We estimate global advertising spend (based on 12 major markets) increased by 2.2% in purchasing power parity (PPP) terms in 2015. This is mildly below our previous expectations in July (-0.1pp). A further rise, of 4.4%, is forecast next year.
After allowing for inflation, real adspend growth is expected to be 1.1% this year and 2.3% in 2016.
When measured using PPPs, the 12 markets studied in our International Ad Forecast account for just over two-thirds of global advertising expenditure, so act as a sufficient bellwether for the state of the industry at large. Many are considered mature, and therefore offer trend insights that will evolve in emerging markets over the coming years.
One such pattern is the shift in ad budgets from so called ‘traditional’ media to digital channels. This is epitomised by the rise of advertising via the internet, mainly under the umbrella forms of search and display, but increasingly among the macro formats of video, social and native. Further, mobile is now seen to be acting as a key driver of total online growth.
Internet is now the largest ad medium in half of the markets studied in this report. Ad expenditure is estimated to have grown 17.4% this year, and we forecast a further rise of 12.2% in 2016. When measured in US dollars, growth translates to 17.1% and 12.0% respectively, with spend expected to have reached a record $154.2bn by the end of next year.
Beyond this, digital is playing a growing role in the galvanisation of traditional media. Programmatic trading, the automated buying and selling of ad space, has been the catalyst for hastening spend on out of home, radio, and indeed TV advertising in a number of these markets.
Targeted advertising, informed by an ever-growing and increasingly accurate cache of consumer data, has given rise to technology such as near field communication (NFC) and beacons. The prospect of enhanced personalisation originally heightened the internet’s allure as a marketing tool, and now deployment on the high street is becoming routine as smartphones and digital out of home panels empower ‘moment marketing’.
But within this environment of ‘always on’ consumerism, and the growing necessity to present the right message at the right time, comes a greater need for budget accountability. The exact effectiveness and ROI of digital campaigns are at times lost in the ether as ‘likes’ and ‘shares’ supplant the proven performance metrics of yore. Issues surrounding viewability and ad fraud, atop growing concerns around the prevalence of ad blocking (though adoption is thought to be nominal at present), encompass a digital back-lash demonstrative of the new frontier.
The times, they are a changin’, though one should not dismiss the stalwarts of advertising just yet. While our research finds that, when our 12 markets are taken together, more will be spent delivering marketing messages via the internet than through the television set for the first time next year, TV still holds a competitive edge with the live broadcast of major events, a number of which take place in 2016.
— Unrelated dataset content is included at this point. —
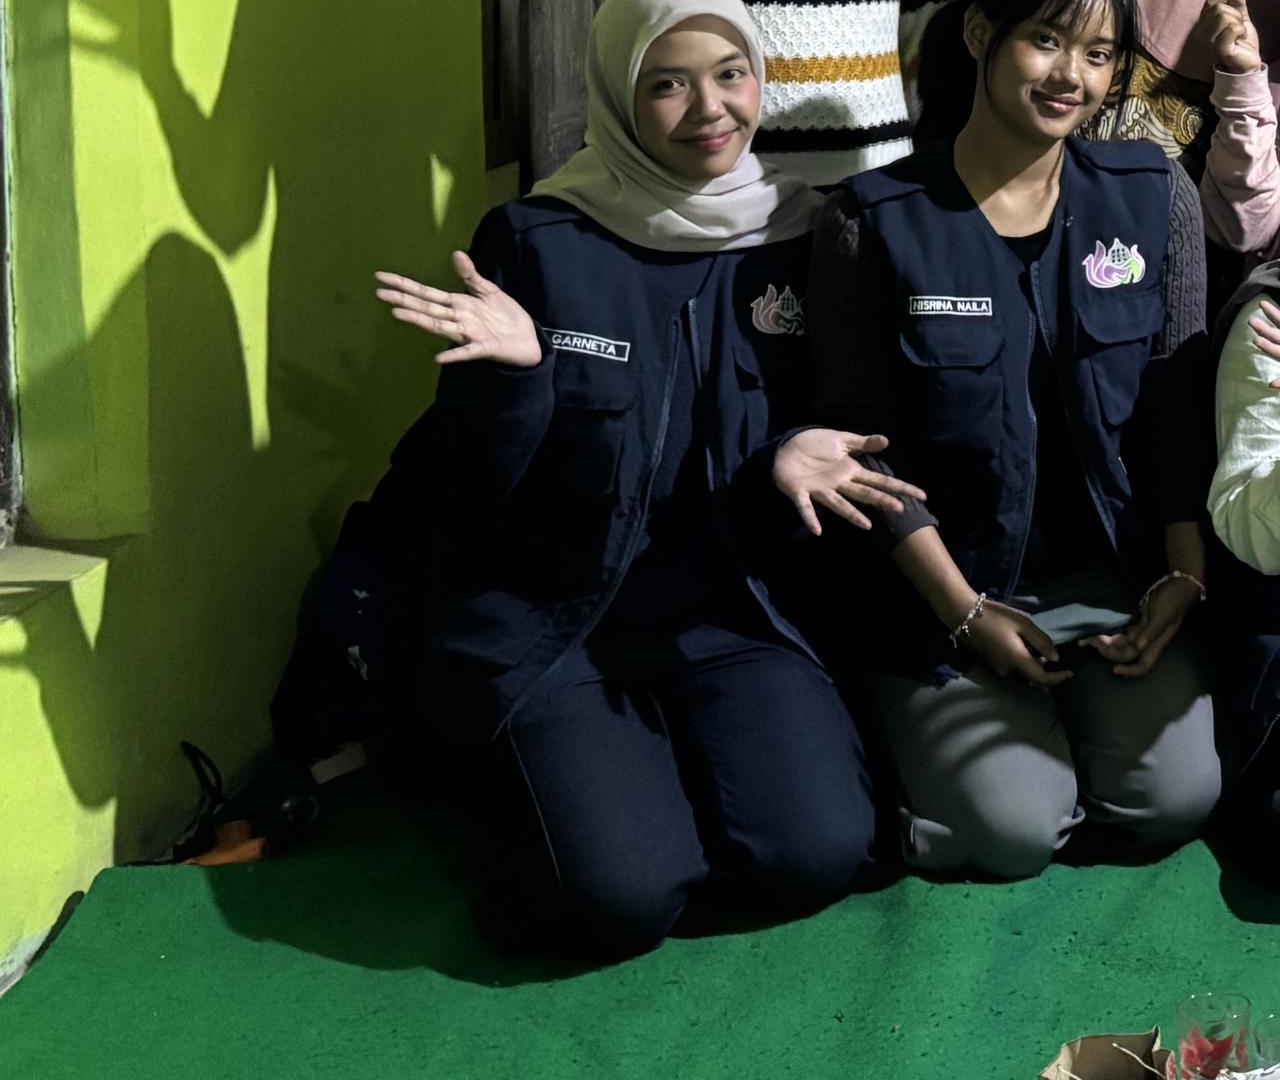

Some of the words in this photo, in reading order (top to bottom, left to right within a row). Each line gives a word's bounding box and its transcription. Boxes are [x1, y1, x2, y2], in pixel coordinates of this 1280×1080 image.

Indeed, on a US dollar basis, TV adspend is forecast to rise in all but one of our major markets next year, as the Summer Olympic and Paralympic Games provide the opportunity for heightened brand exposure. The Euro 2016 football tournament, hosted by France, will boost TV ad revenue across the region in much the same way the Rugby World Cup did on a national level in the UK this year. The US presidential campaigns will also fuel domestic spend in the world’s largest ad market.
We forecast PPP growth of 2.9% for global TV adspend in 2016, or 3.5% when measured in US dollars, amounting to a new high of $149.5bn. This does however follow an estimated 2.5% contraction in global TV spend this year (-1.3% in dollar terms), as less was invested in each of the three largest markets.
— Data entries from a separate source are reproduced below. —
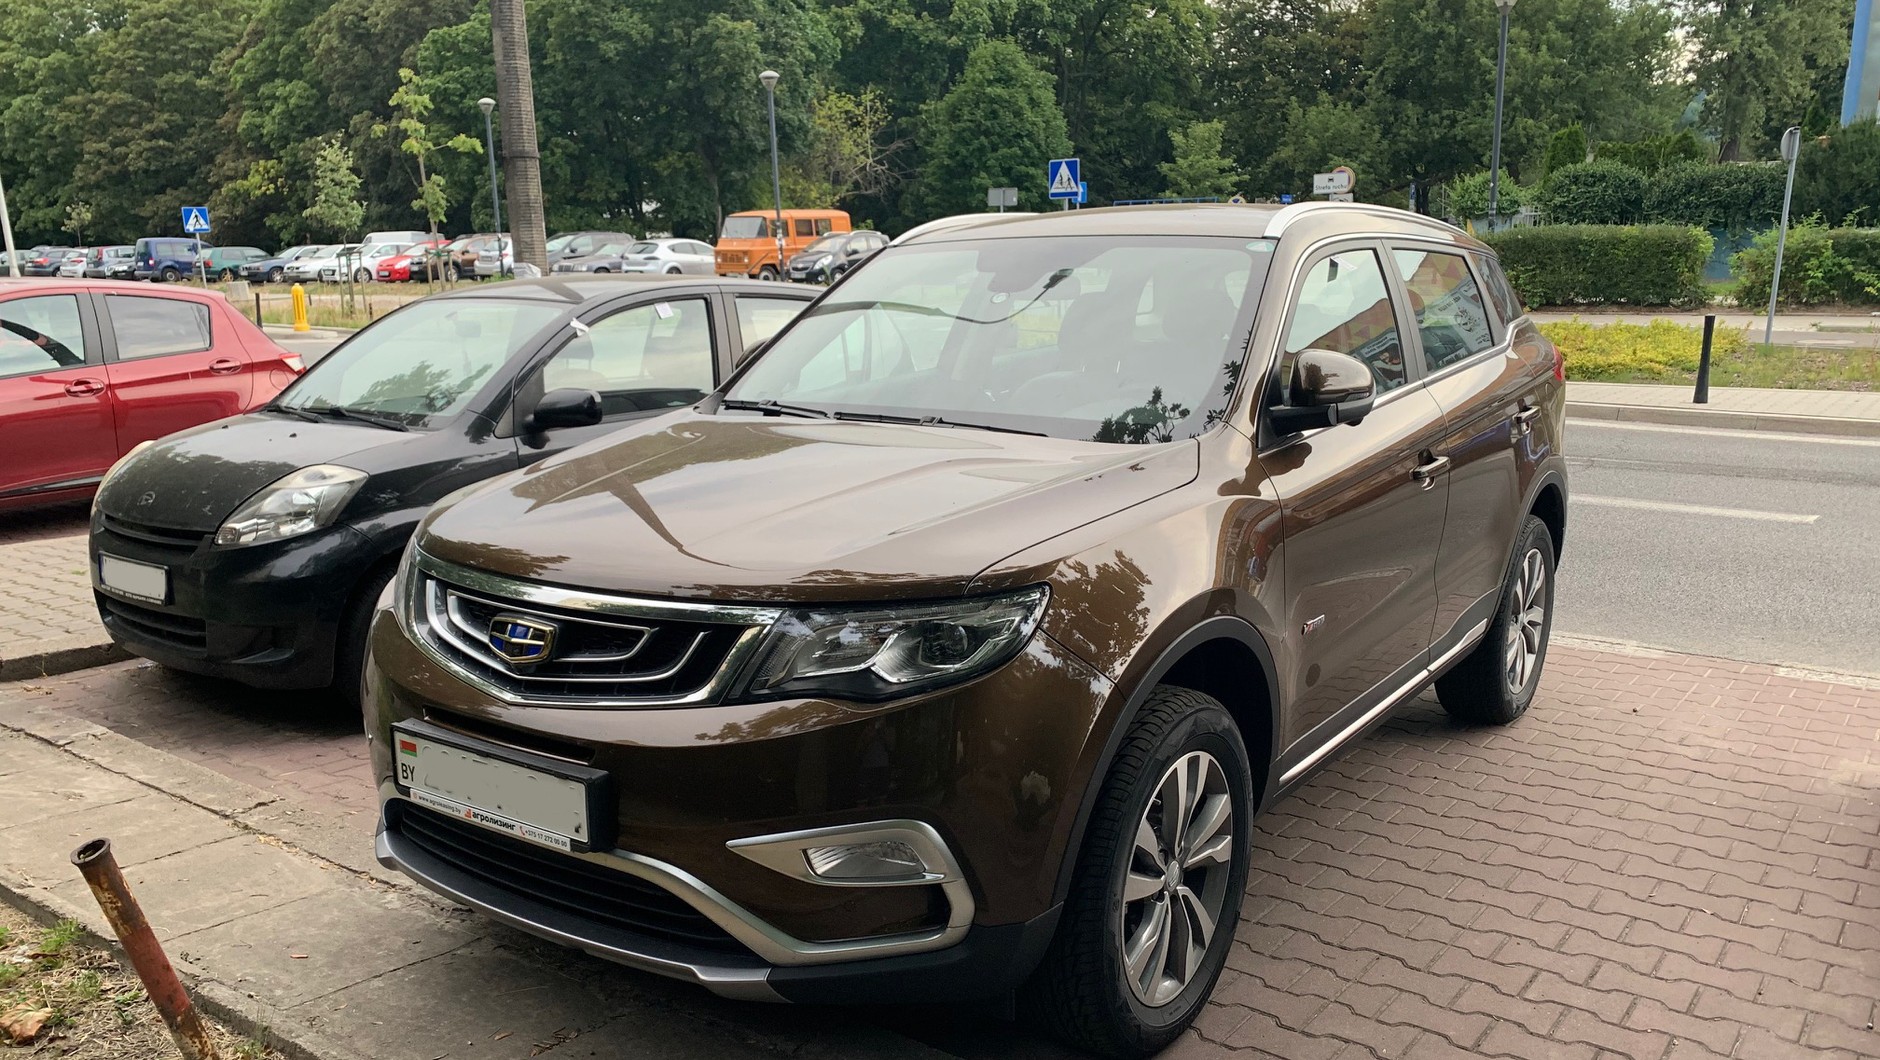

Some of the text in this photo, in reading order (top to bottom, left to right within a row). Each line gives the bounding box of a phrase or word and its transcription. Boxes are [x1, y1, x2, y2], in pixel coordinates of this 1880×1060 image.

[401, 762, 415, 782] BY
[418, 795, 461, 814] www.agroleasing.by
[472, 811, 516, 831] агролизинг
[525, 829, 537, 838] +375
[544, 835, 553, 843] 272
Year-on-year growth in global adspend by medium
Perhaps the starkest example of a break with the old is the continuing fall in print advertising revenue. While growth can still be found in India – something unlikely to change in the coming years – overall, global print adspend fell by double-digits in 2015. The rate of decline is expected to ease during 2016.
Forecasting is not an exact science, and we can only hope to predict the future by understanding what’s around us today. While many of the markets in this report are experiencing decent GDP growth after a global financial crisis which, in real terms, means advertisers are collectively spending less now than they did in 2007, global economic prosperity is not a foregone conclusion.
A slowdown in China has led to decreased demand which may hamper its key trade partners, chiefly Brazil and Australia. Further, oil prices are at their lowest in seven years, which is hurting major exporters like Russia and Canada. Two of our 12 markets are in recession, while two more met the technical requirement this year.
Be that as it may, it is important to note that real consumer expenditure is expected to rise in almost all of our major markets in 2016. Perhaps one certainty, then, is that the evolution of advertising will continue apace.